Albertina Vaz
Será que não estou enganada? |
Estamos no dia 30 de Abril
de 2013! Será que não estou enganada? Será que a minha memória me não está a
atraiçoar? Não sei. Não consigo perceber muito bem o que se está a passar.
Naqueles tempos falávamos de
liberdade de expressão, de capacidade de escolha, de livre arbítrio, de
liberdade… E hoje já não falamos? Já nem sequer falamos? Já nem sequer podemos
falar? Já nem sequer podemos pensar?
E oiço lá ao longe uma
canção que dizia: “Não há machado que corte…” O quê? Não haverá mesmo? Será que
nenhum de nós ainda sentiu o fiozinho cortante daquela lâmina que tenta
escalpelizar aquilo que sinto, que vejo, que canto, que faço, que digo?
Estranho país este em que
voltar atrás é sempre calar a voz de quem, se calhar, já nem sequer sabe o que
quer. Estranho pedacinho de terra em que voltejamos em círculos fechados, em
que o ser deu lugar ao parecer ser e em que o parecer é o mais importante da
vida de cada um de nós!
Onde estão os sonhos? |
Olho em redor e fico parada
no tempo! Não é verdade. Eu não passei uma vida inteira à procura de um país
novo em que o diferente não é mesmo o igual e em que o ontem não será sempre o
amanhã. Não, eu lutei por qualquer coisa de diferente, mas a verdade é que não
consegui encontrar nada em meu redor. A verdade é que continuo a precisar
daquele abraço que dei aos desconhecidos que encontrei na manhã do dia 25 de
Abril de 1974. Onde estão esses abraços? Onde estão os risos que gritámos, as
lágrimas duma alegria incontida, os sonhos?
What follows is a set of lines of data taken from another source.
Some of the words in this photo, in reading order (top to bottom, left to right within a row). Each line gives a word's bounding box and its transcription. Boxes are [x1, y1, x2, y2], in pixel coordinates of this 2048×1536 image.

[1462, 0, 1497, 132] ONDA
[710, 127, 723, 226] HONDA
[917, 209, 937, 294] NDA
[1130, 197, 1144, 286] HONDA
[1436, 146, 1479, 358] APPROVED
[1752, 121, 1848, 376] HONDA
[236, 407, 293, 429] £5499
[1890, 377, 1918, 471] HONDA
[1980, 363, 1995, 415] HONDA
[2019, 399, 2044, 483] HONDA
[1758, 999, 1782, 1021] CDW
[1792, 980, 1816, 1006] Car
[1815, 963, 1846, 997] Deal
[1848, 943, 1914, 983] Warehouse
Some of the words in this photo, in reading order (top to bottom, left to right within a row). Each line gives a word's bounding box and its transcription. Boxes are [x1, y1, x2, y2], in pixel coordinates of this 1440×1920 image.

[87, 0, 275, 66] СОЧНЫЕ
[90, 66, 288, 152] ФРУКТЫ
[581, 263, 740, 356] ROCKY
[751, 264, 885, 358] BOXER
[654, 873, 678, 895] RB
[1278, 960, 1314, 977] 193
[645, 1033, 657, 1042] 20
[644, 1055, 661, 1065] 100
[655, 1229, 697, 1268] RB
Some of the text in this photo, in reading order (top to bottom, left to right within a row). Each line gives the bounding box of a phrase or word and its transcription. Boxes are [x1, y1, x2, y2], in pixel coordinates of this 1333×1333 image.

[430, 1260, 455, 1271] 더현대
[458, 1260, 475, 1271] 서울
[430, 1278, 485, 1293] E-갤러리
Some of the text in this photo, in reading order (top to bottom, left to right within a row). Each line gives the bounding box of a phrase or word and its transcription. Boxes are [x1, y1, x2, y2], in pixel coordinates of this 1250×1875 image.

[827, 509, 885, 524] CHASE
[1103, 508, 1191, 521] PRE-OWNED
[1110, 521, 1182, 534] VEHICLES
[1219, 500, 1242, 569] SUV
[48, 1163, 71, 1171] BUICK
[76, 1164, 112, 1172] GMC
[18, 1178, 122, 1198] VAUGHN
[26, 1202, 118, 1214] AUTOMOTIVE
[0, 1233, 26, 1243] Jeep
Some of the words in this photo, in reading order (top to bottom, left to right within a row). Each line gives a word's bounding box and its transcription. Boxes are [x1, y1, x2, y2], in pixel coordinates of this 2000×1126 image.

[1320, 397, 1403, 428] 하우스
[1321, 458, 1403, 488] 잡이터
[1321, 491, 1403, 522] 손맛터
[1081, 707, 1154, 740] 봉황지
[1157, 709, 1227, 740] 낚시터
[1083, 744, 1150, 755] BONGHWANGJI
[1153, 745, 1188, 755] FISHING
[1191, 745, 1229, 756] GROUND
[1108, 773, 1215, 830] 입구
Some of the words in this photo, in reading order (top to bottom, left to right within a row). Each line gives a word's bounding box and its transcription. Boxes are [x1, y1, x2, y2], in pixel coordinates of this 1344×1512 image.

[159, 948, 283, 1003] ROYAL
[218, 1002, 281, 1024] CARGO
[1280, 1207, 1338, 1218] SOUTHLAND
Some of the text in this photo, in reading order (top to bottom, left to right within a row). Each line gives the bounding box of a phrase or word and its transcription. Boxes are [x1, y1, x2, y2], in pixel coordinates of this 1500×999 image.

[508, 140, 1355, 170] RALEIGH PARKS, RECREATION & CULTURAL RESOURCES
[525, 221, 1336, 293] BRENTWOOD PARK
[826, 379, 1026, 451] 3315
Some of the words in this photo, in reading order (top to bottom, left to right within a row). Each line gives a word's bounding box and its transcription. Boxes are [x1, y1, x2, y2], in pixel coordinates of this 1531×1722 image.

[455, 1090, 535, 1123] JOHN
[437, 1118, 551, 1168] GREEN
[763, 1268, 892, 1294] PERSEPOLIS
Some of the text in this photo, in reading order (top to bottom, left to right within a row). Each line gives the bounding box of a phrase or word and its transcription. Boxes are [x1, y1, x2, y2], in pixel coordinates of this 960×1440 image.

Somos uma geração que passou
a vida a sonhar… Só sonhámos porque nunca conseguimos realizar nenhum sonho. Só
sonhámos porque vivemos em tempos de cólera, de guerra, de fome, de ignorância.
E sabíamos o que tudo isso significava.
Queríamos melhor para os
nossos filhos e para as gerações futuras. E andámos todo este tempo embalados
por um desejo de futuro que julgámos ter conquistado.
Afinal apenas virámos uma
folha do calendário!
Afinal o que foi o dia a
seguir? O que veio depois?
É verdade que corremos à
procura de mais e melhores escolas para os filhos de todos. Não, não era só
para os nossos. Era para todos. Era uma educação acessível a todos como a nossa
geração não teve.
É verdade... |
E uma alegria enorme nos
invadia quando se erguia uma nova escola, mais perto das nossas crianças, como
nós não havíamos tido. Foi errado ter pensado assim?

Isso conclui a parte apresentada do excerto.